[Phrase grounding data]
"""

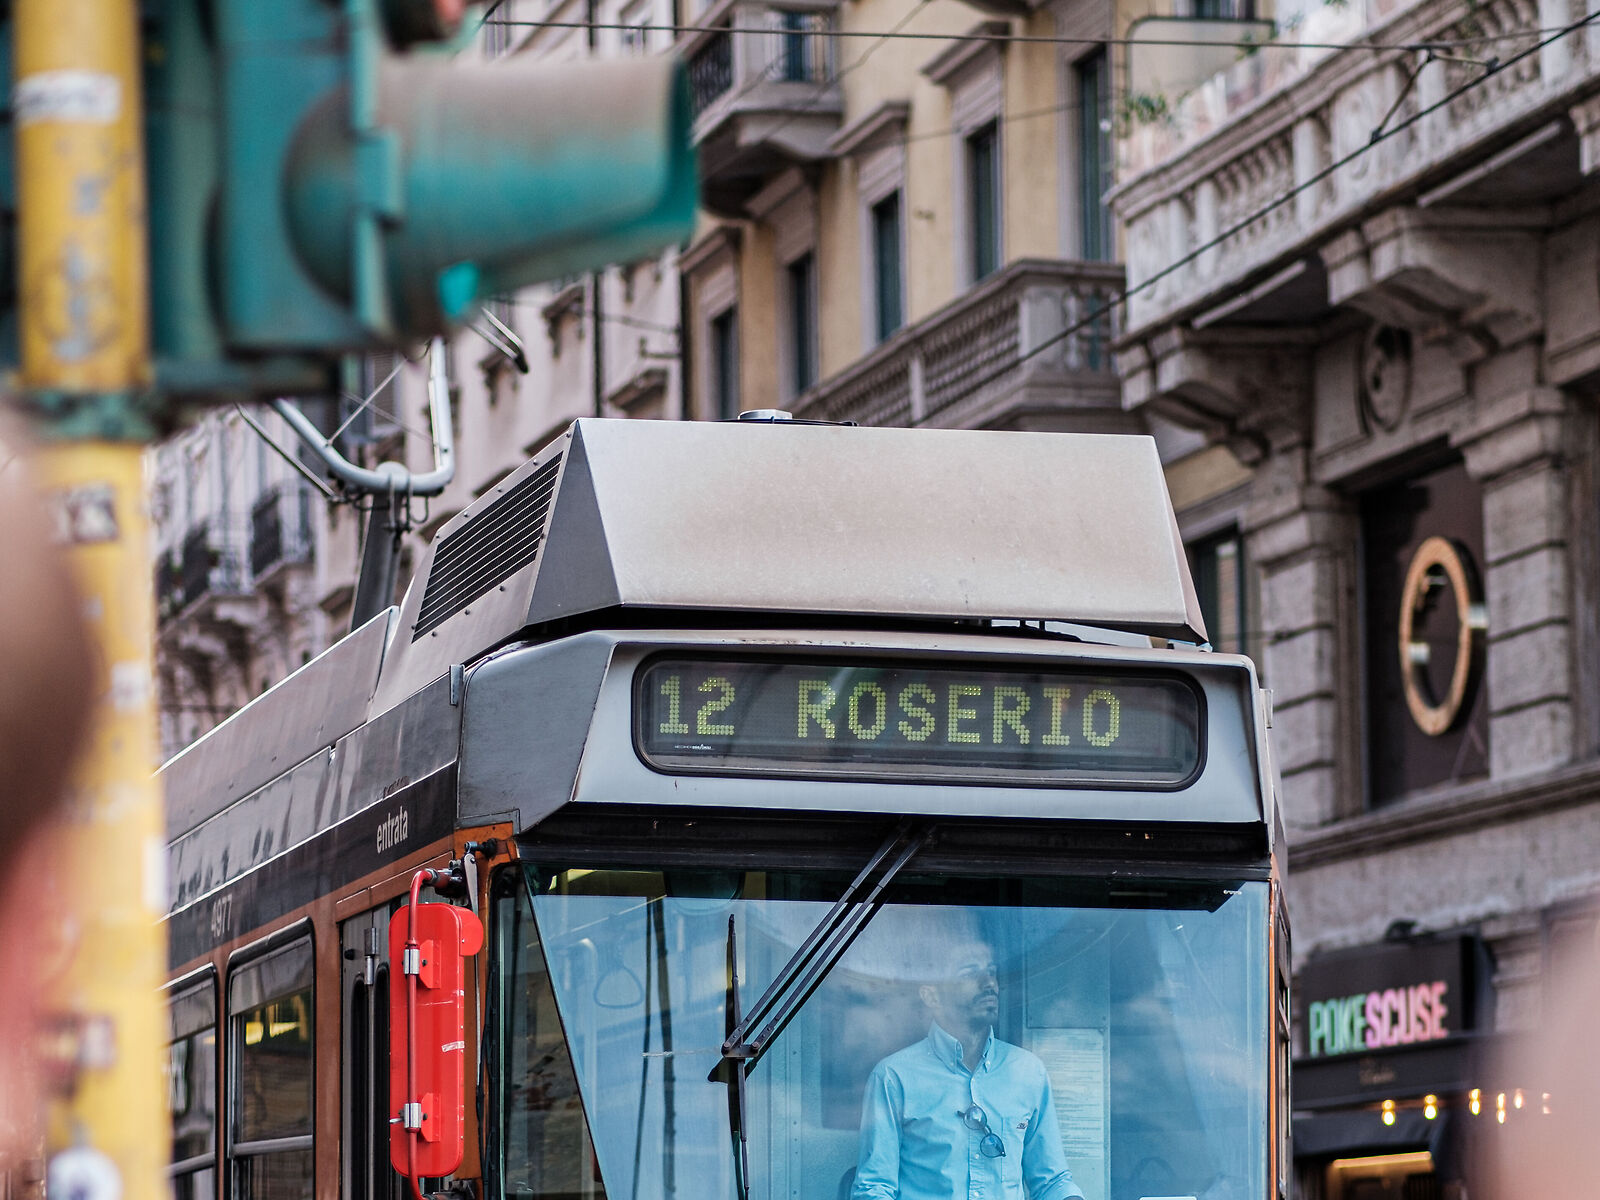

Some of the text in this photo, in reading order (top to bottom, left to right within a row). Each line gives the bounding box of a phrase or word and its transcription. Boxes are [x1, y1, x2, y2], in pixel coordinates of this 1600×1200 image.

[660, 676, 1121, 747] 12 ROSERIO
[376, 806, 408, 854] entrata
[211, 894, 233, 937] 4977
[1309, 982, 1448, 1058] POKESCUSE
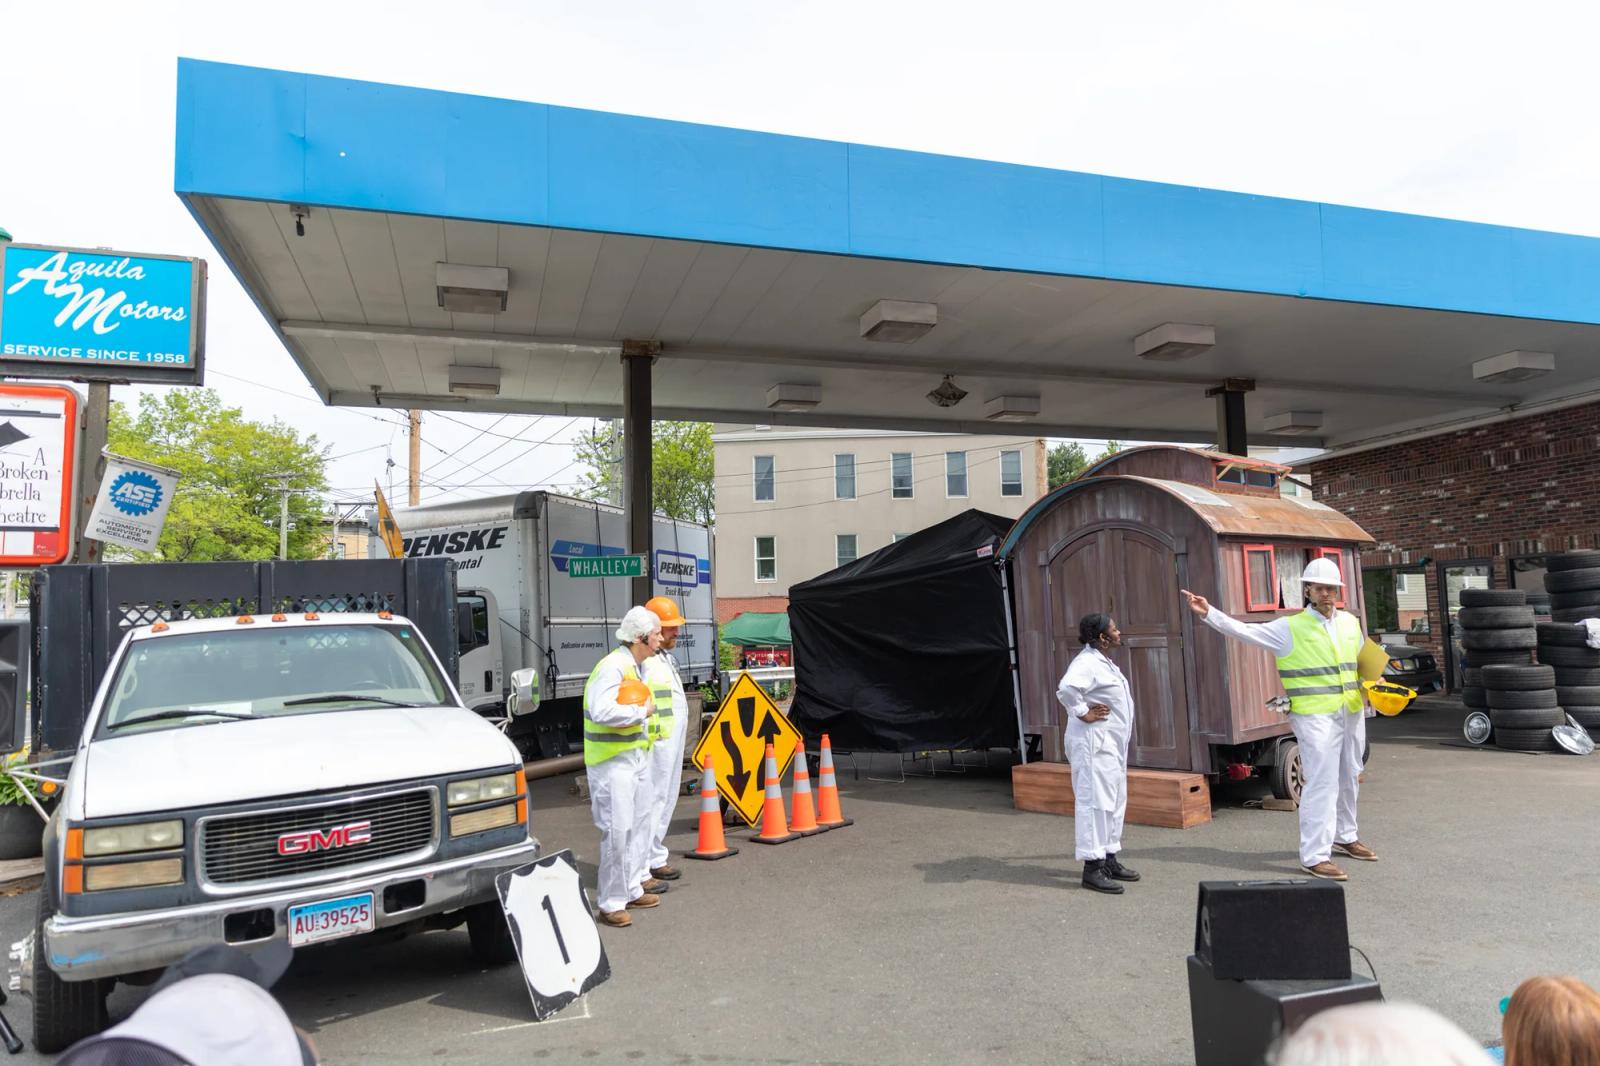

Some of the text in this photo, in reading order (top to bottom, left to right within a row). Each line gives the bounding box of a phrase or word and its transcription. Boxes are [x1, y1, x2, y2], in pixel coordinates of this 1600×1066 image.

"""

* _ACTIVITY_: Pictures are to be dropped, and every record is to be copied exactly.

* _ANSWER FOR THIS EXERCISE_:
Some of the text in this photo, in reading order (top to bottom, left to right within a row). Each line gives the bounding box of a phrase or word and its transcription. Boxes are [x1, y1, x2, y2], in pixel coordinates of this 1600×1200 image.

[660, 676, 1121, 747] 12 ROSERIO
[376, 806, 408, 854] entrata
[211, 894, 233, 937] 4977
[1309, 982, 1448, 1058] POKESCUSE

Some of the text in this photo, in reading order (top to bottom, left to right within a row). Each line gives the bounding box of a phrase or word and its transcription. Boxes are [x1, y1, x2, y2], in pixel coordinates of this 1600×1066 image.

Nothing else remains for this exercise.